Vingt fois sur le métier remettez votre ouvrage […] »

Nicolas Boileau

 

J’ai acheté une bande dessinée, La pluie des corps, fruit d’un travail qui aura pris six années.

Moi qui me demande parfois si je dois m’acharner à finir d’écrire l’histoire que j’ai commencée il y a déjà deux ans maintenant, cela confirme mon choix d’être persévérante en la matière. De toute façon, je ne peux pas me résoudre à cette sensation d’inachevé, il faut que j’arrive à aller au bout. Et c’est parfois dérangeant, presque énervant, car je dispose de peu de temps – même en tant que prof… – entre travail, vie de famille et autres occupations que je ne saurais laisser complètement de côté.

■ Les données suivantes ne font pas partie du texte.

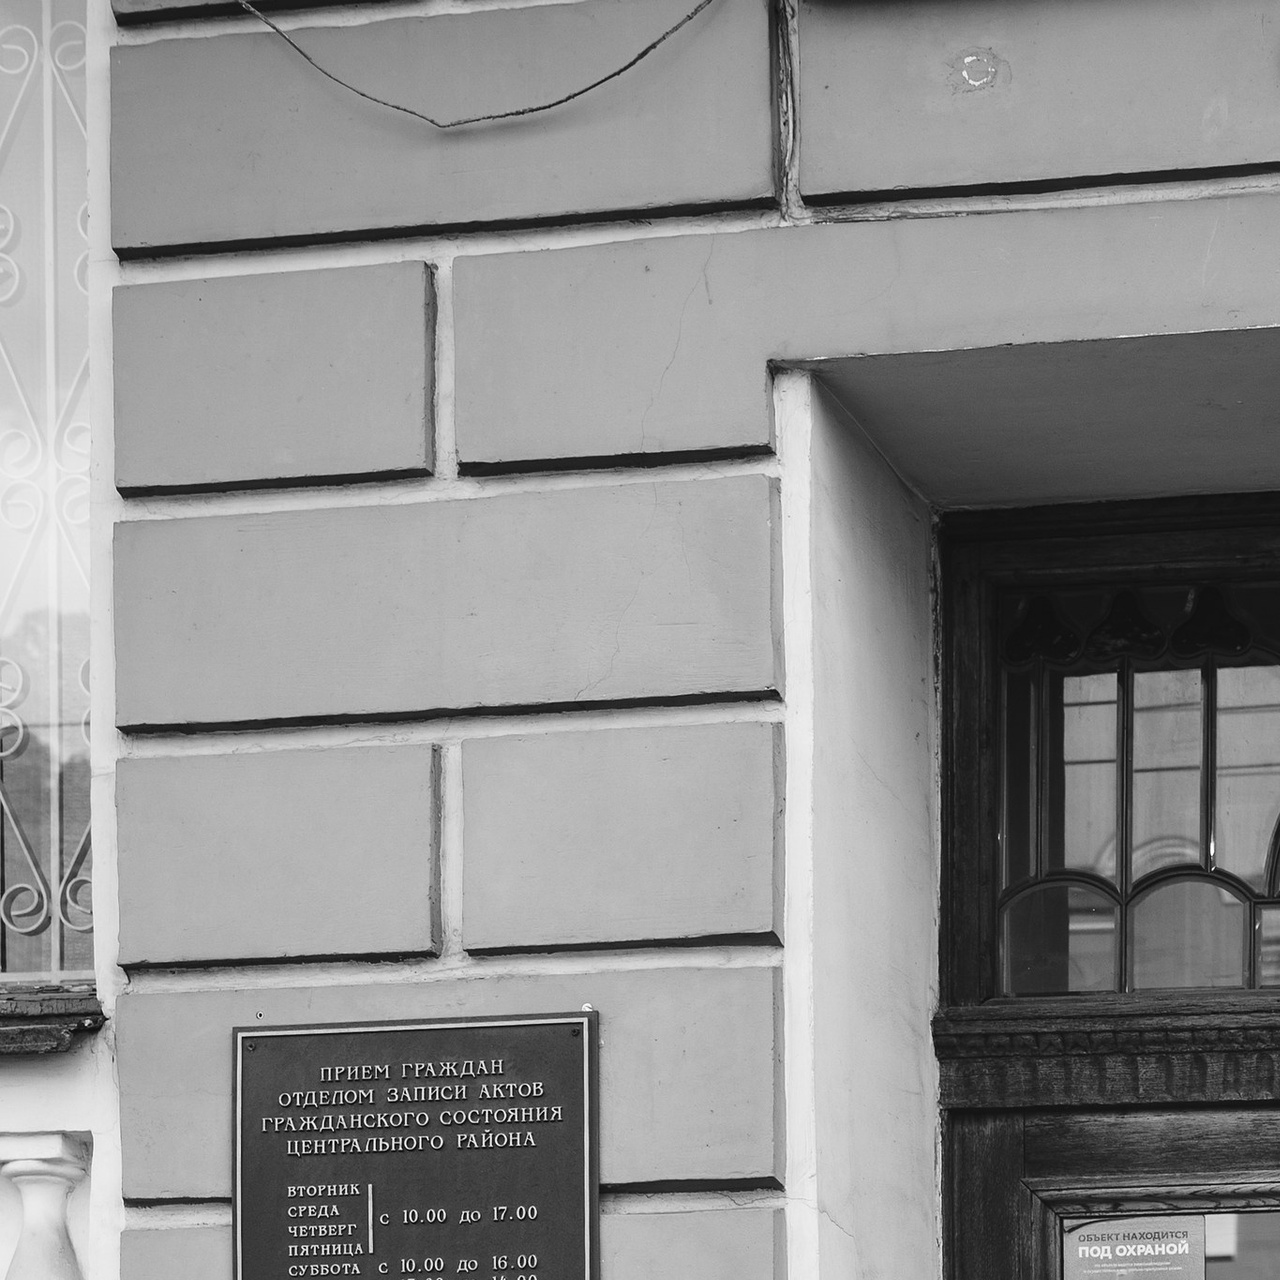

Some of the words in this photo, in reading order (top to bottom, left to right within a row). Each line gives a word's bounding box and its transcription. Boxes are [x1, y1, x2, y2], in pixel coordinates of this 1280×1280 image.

[320, 1064, 389, 1082] ПРИЕМ
[401, 1059, 503, 1078] ГРАЖДАН
[278, 1089, 374, 1109] ОТДЕЛОМ
[387, 1084, 467, 1102] ЗАПИСИ
[479, 1081, 544, 1099] АКТОВ
[262, 1112, 429, 1133] ГРАЖДАНСКОГО
[439, 1106, 562, 1125] СОСТОЯНИЯ
[287, 1135, 444, 1157] ЦЕНТРАЛЬНОГО
[457, 1129, 536, 1148] РАЙОНА
[287, 1183, 360, 1197] ВТОРНИК
[287, 1204, 340, 1219] СРЕДА
[403, 1208, 447, 1224] 10.00
[493, 1205, 538, 1221] 17.00
[288, 1223, 357, 1237] ЧЕТВЕРГ
[1078, 1232, 1120, 1243] ОБЪЕКТ
[1122, 1230, 1189, 1242] НАХОДИТСЯ
[288, 1243, 364, 1257] ПЯТНИЦА
[1078, 1245, 1113, 1260] ПОД
[1115, 1240, 1190, 1257] ОХРАНОЙ
[288, 1263, 361, 1277] СУББОТА
[400, 1257, 444, 1273] 10.00
[492, 1254, 538, 1270] 16.00
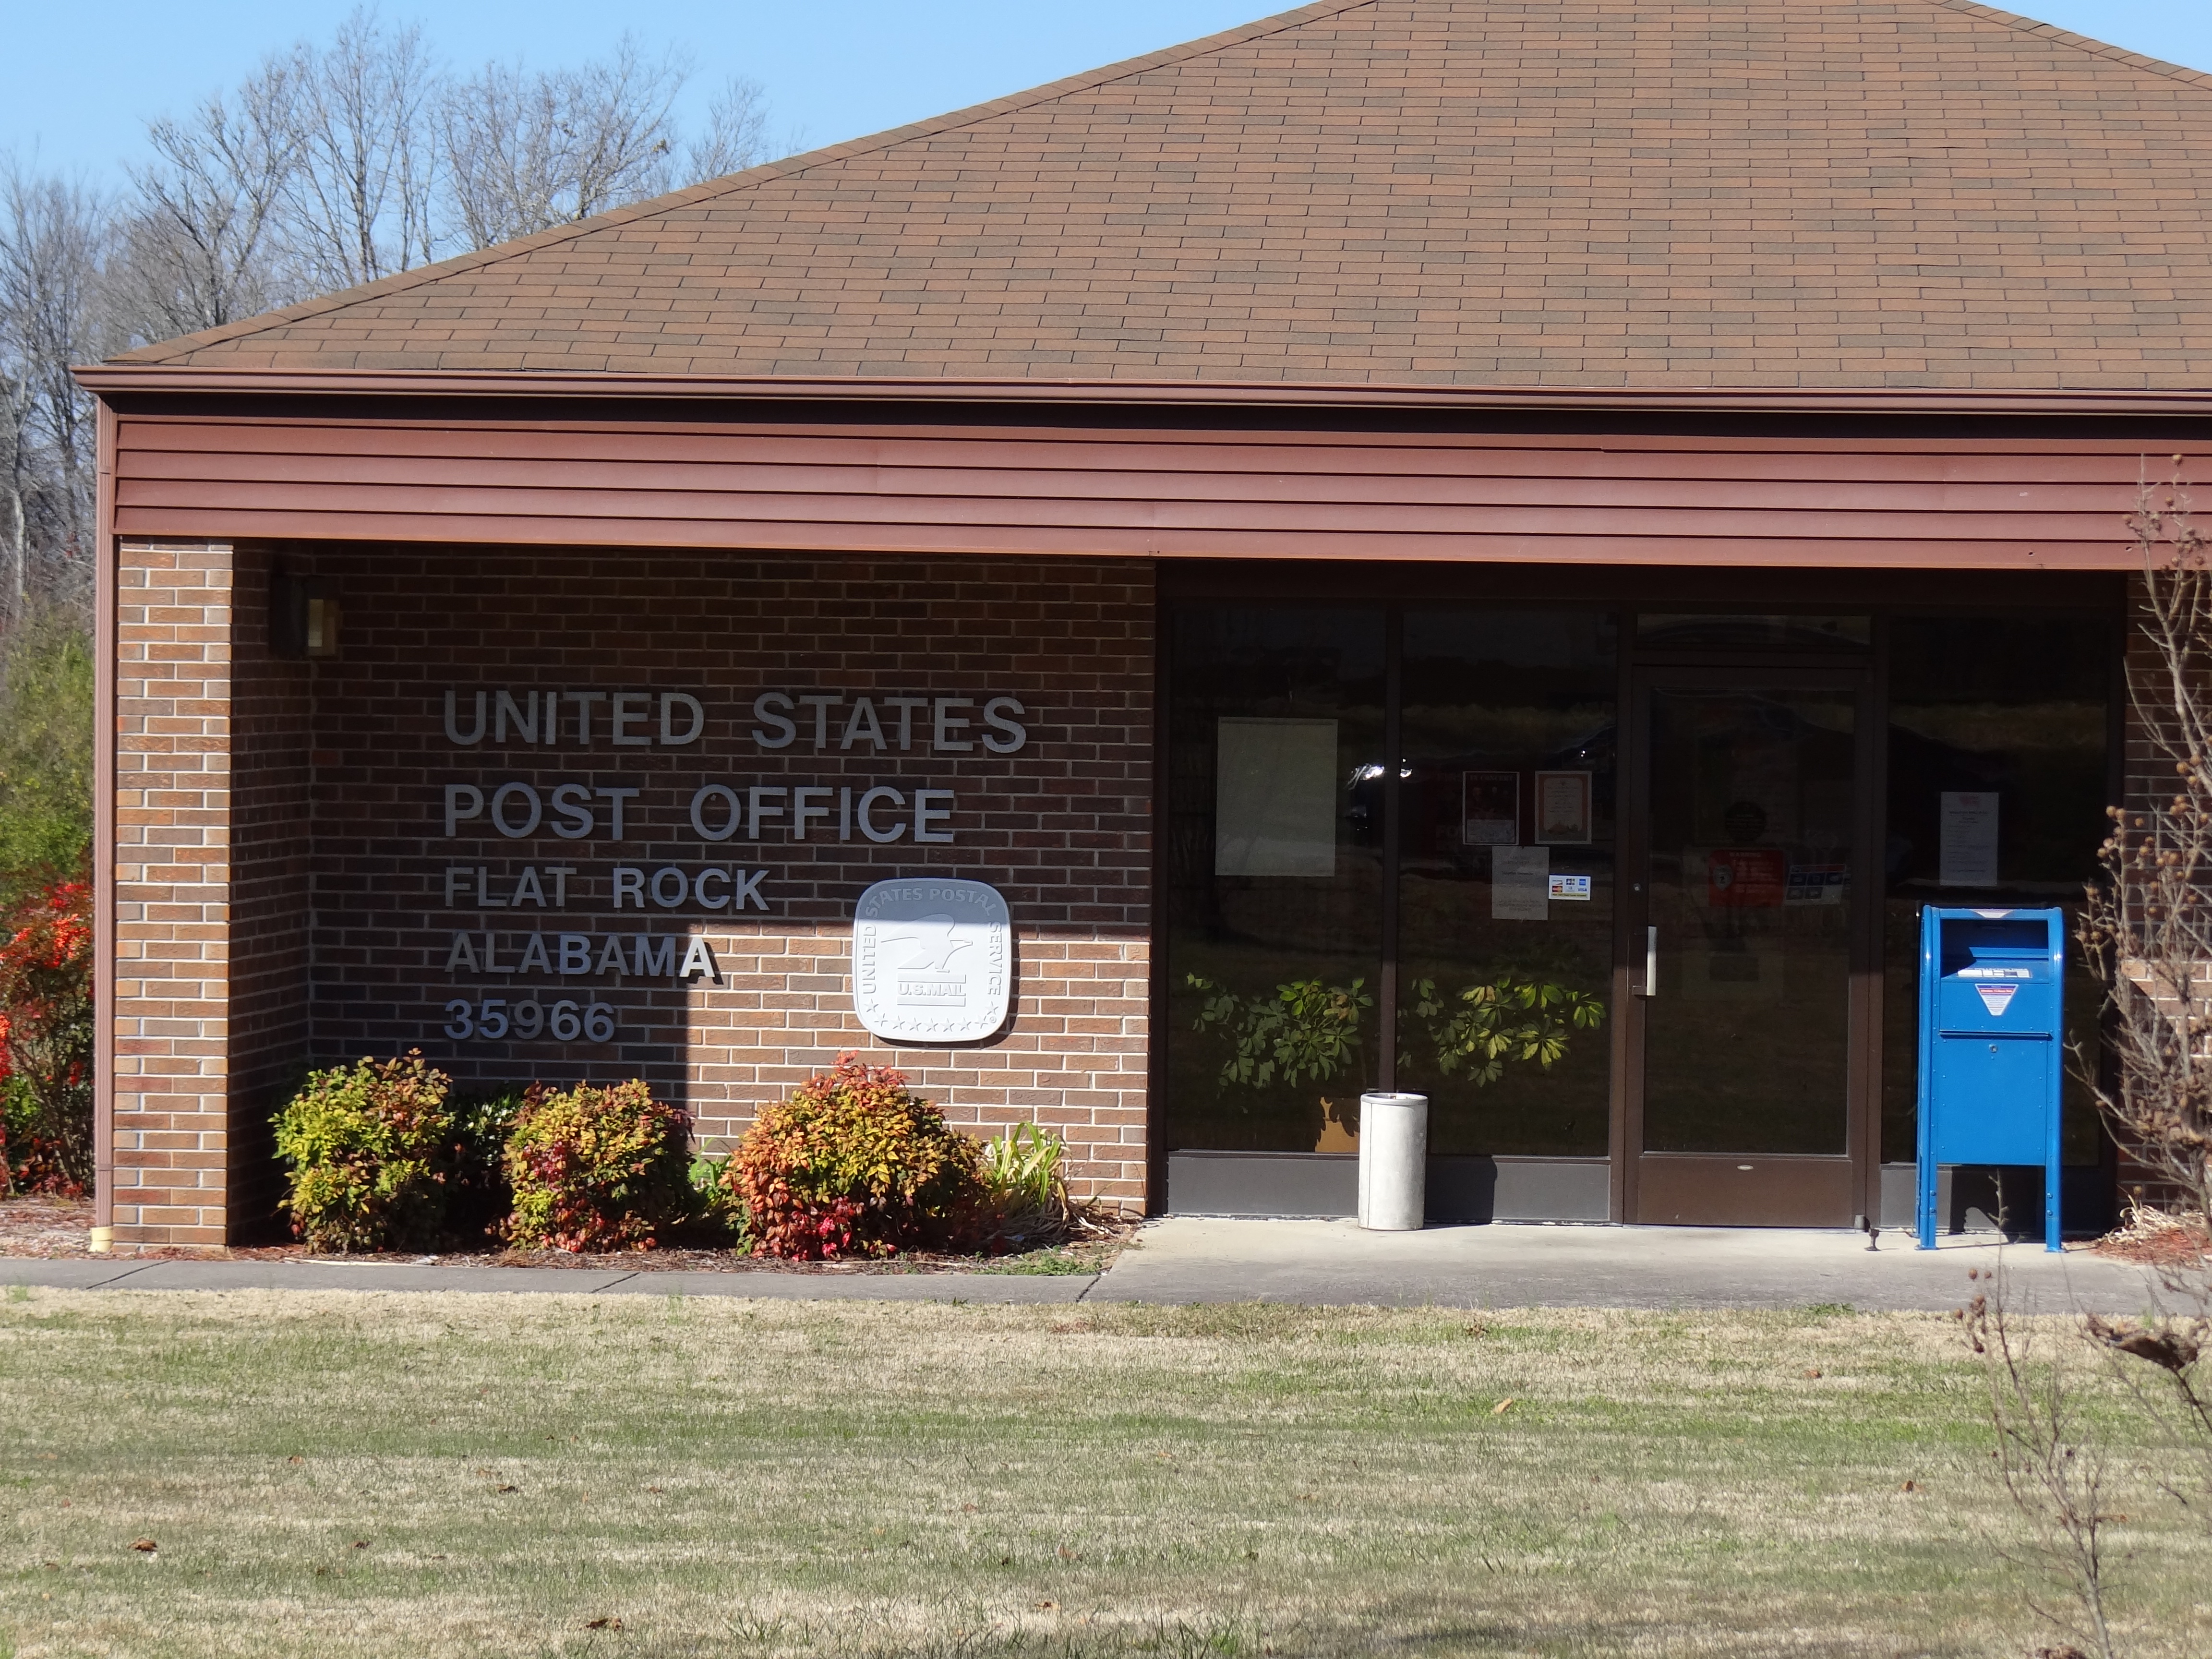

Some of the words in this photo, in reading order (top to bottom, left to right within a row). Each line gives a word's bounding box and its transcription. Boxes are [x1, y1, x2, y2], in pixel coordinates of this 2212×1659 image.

[444, 690, 705, 746] UNITED
[752, 692, 1027, 754] STATES
[445, 781, 640, 842] POST
[690, 783, 954, 843] OFFICE
[445, 866, 577, 907] FLAT
[613, 867, 770, 911] ROCK
[865, 887, 923, 918] STATES
[928, 888, 997, 917] POSTAL
[444, 931, 715, 978] ALABAMA
[862, 924, 877, 994] UNITED
[987, 921, 1003, 996] SERVICE
[444, 998, 615, 1043] 35966
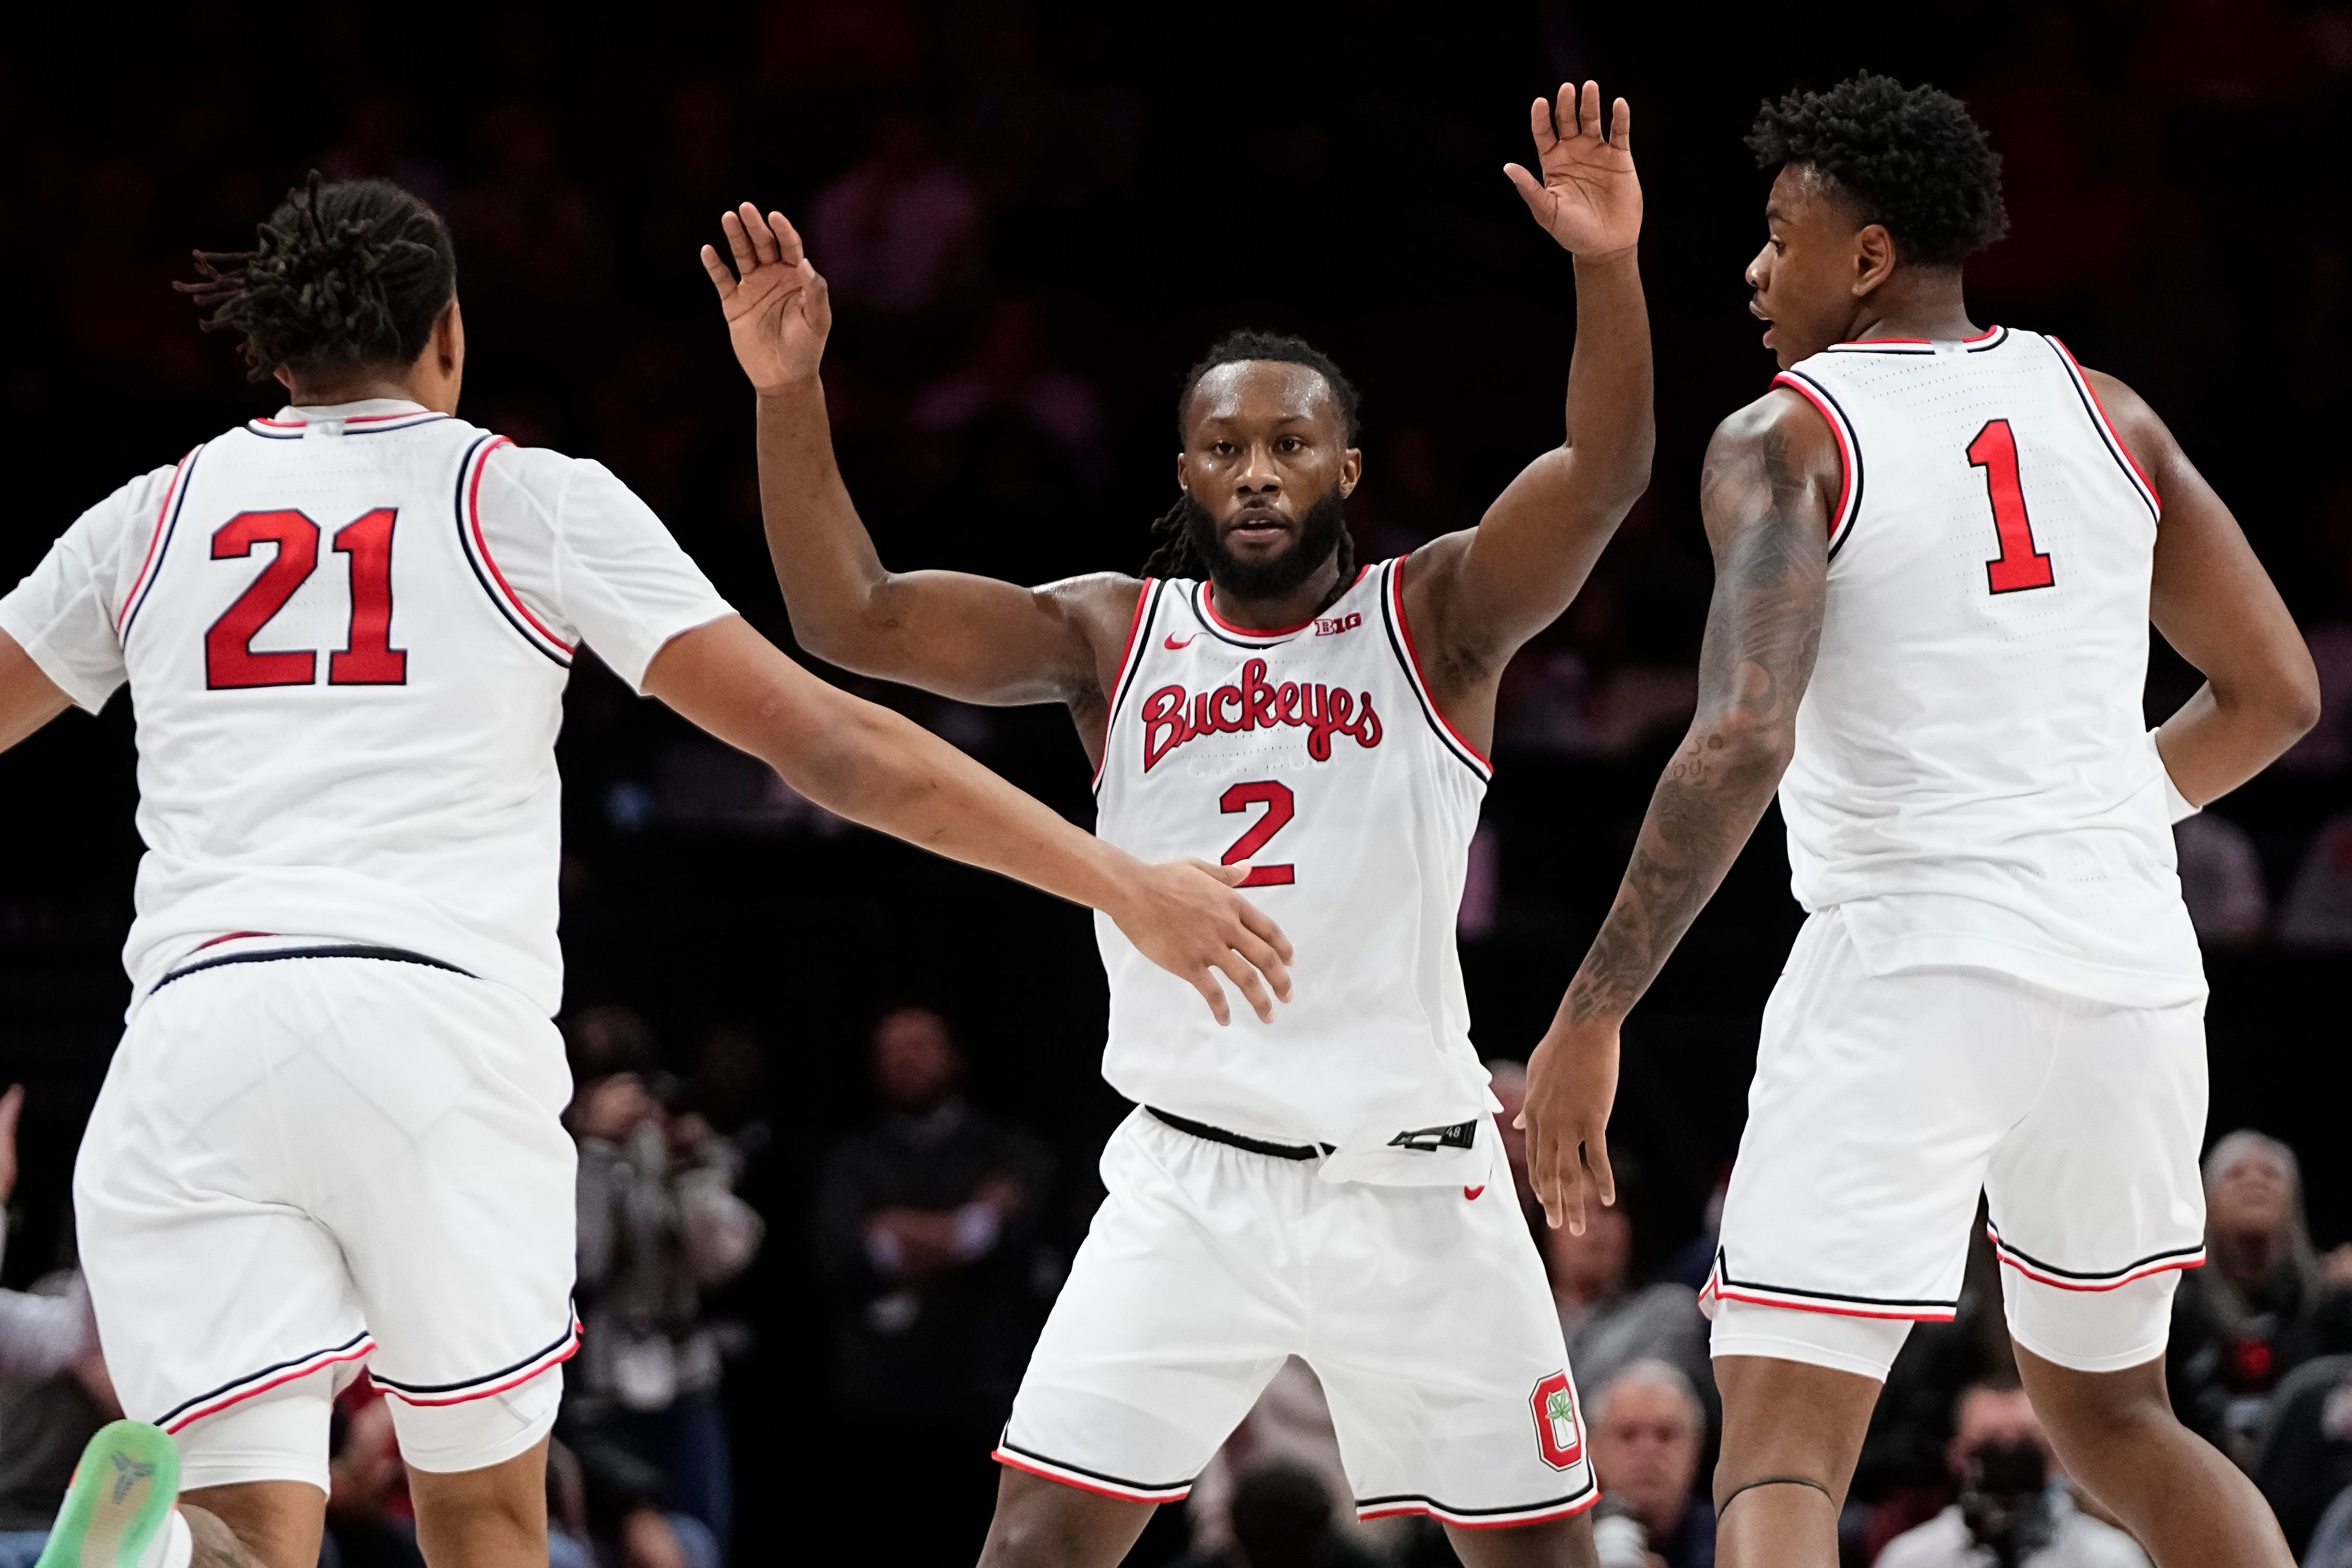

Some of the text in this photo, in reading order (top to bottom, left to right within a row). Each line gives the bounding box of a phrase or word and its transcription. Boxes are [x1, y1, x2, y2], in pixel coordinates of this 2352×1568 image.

[1965, 418, 2055, 595] 1
[204, 506, 408, 690] 21
[1142, 658, 1382, 774] Buckeyes
[1219, 780, 1295, 889] 2

Et après tout, j’ai bien mis quatre ans à avoir le CAPES de mathématiques (le concours pour être prof), alors je peux bien consacrer autant de temps à ce loisir vain sans pour autant être inutile.

Pour en revenir à La pluie des corps, voici ce que j’en ai pensé.

La Pluie des Corps par Quittard

Le dessin mélange habilement réalisme et ambiance esquissée par quelques traits marquants, par des lumières, par des couleurs, ou leur absence. L’esthétique guide vers le surnaturel, fantastique oppressant, voire peut-être science-fiction.

L’histoire par contre ne nous guide vers rien et c’est bien le problème. Au début, au milieu et à la fin, ma première réaction a été de penser que je n’avais rien compris. En me creusant la tête, par souci de compréhension, il m’a bien semblé repérer un ou deux symboles, une réflexion, peut-être une allégorie. Ou peut-être pas. Et trop de questions restent sans même que je puisse leur imaginer des réponses. Cela dit, notez que l’auteur puise son inspiration dans des références qui ne sont pas de moi connues, ignorante que je suis. D’où le soupçon que je sois peut-être passée à côté de quelque chose.

Reste que la publication de cette bande dessinée par Sandawe est issue d’un financement participatif, initiative intéressante donc quant à la diversité de l’offre en la matière. Quelques pages supplémentaires en fin d’ouvrage nous donnent à voir la genèse de cette œuvre à travers des échanges entre l’auteur et la dessinatrice, entre autres.

Une bande dessinée qui a donc le mérite d’exister !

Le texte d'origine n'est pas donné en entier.